Breast cancer is the most common malignancy affecting women. Advances in screening have resulted in an increasing trend towards detecting earlier stage tumors associated with a longer disease-free survival. Because of this prolonged latency period, it is critical to identify patients early in their disease course who are at increased risk for recurrence, whereby treatment decisions may be altered accordingly based on more precise information. Molecular markers that demonstrate prognostic importance as well as utility for assessing subclinical disease progression offer one such approach. Specifically, circulating microsatellite alterations that reflect those genetic events occurring in tumors and that can be serially assessed through a minimally invasive procedure are a logistically practical method.
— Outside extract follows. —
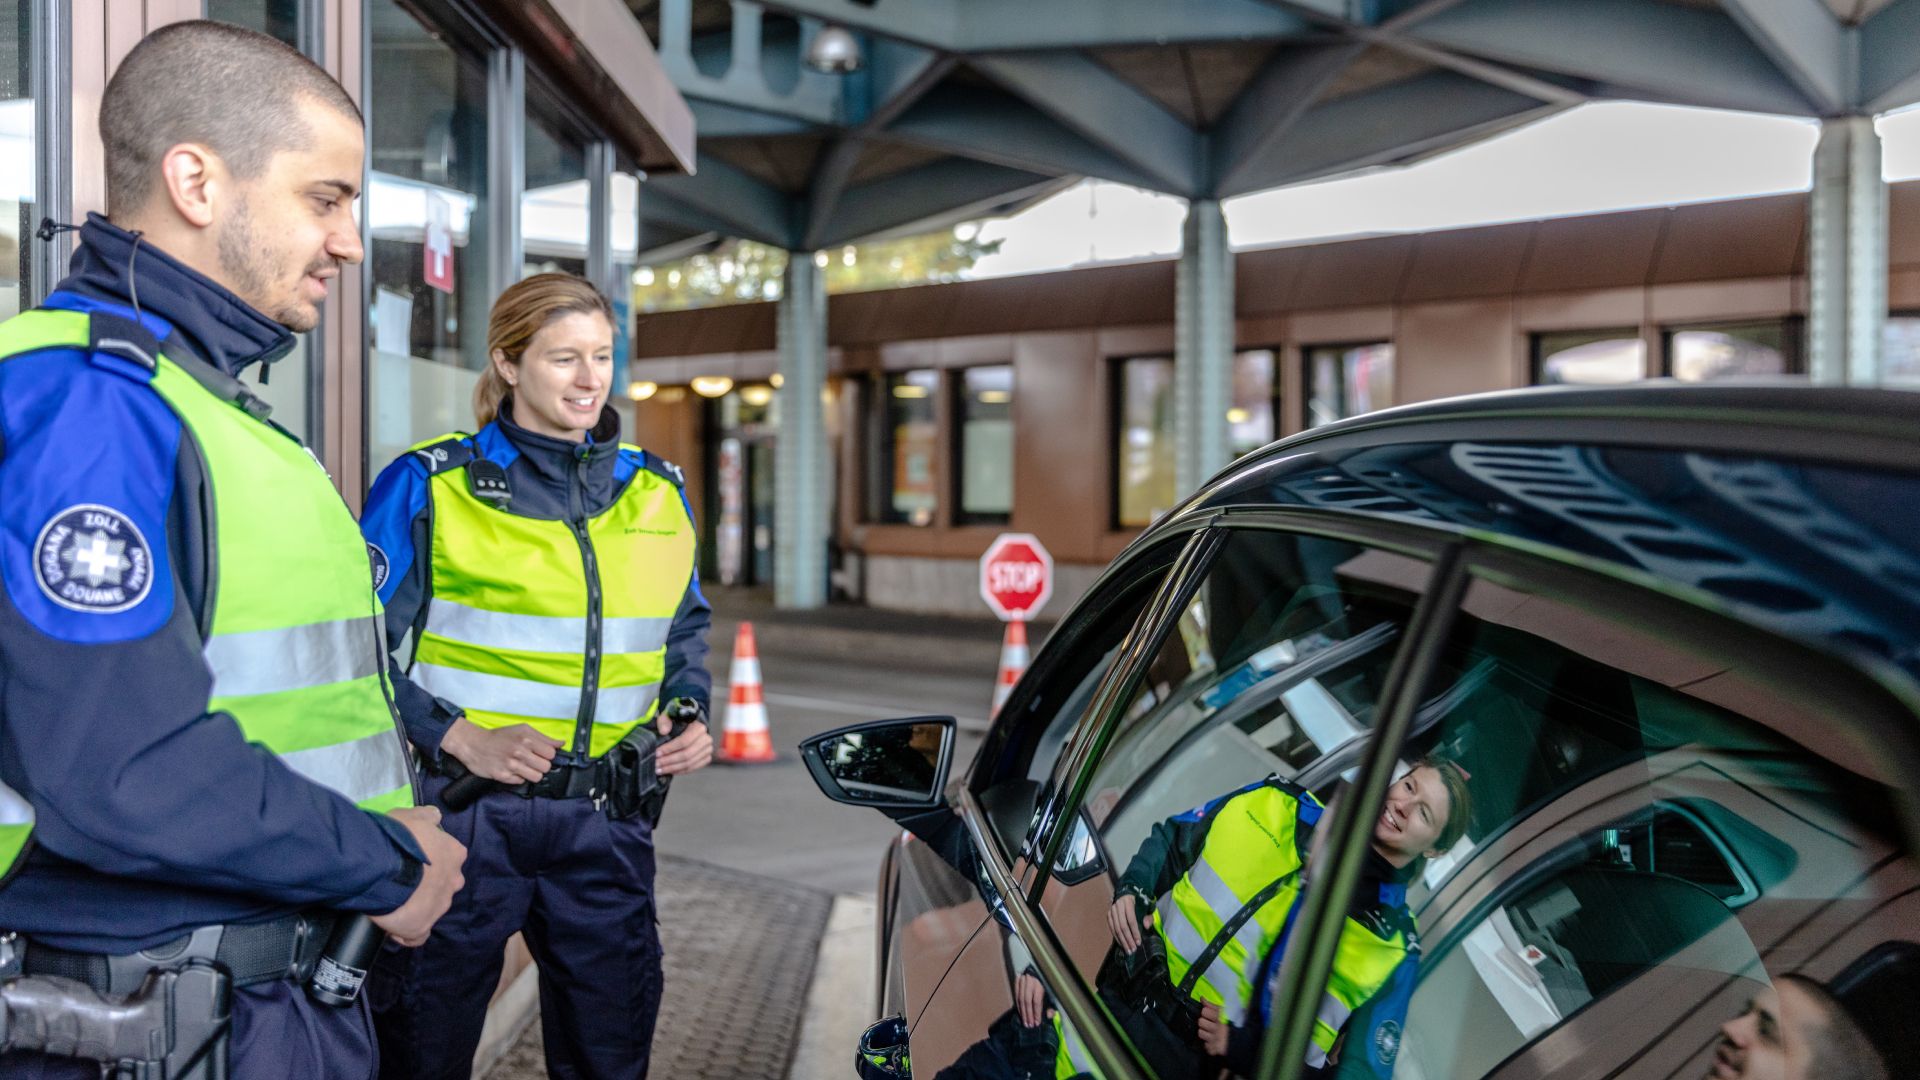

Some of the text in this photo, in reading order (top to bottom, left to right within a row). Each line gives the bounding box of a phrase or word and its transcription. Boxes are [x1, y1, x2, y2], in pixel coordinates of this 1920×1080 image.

In this study, serum was collected preoperatively from 56 patients with early stage breast cancer (AJCC stages I/II) and assessed for loss of heterozygosity (LOH) using 8 microsatellite markers. Twelve (21%) of 56 patients demonstrated LOH in their serum for at least one marker. Histopathologic correlation revealed an association between the presence of circulating LOH in serum and those tumors with increased proliferation indices as characterized by an increased diploid index, elevated MIB-1 fraction, and abnormal ploidy. These findings demonstrate the presence of circulating microsatellite alterations in the serum from patients with early stage breast cancer. The association of known poor prognostic features found in tumors with increased nuclear activity not only suggests a possible etiology for their presence, but also offers a potential blood-based surrogate marker for this disease that may demonstrate clinical utility in long-term follow-up studies.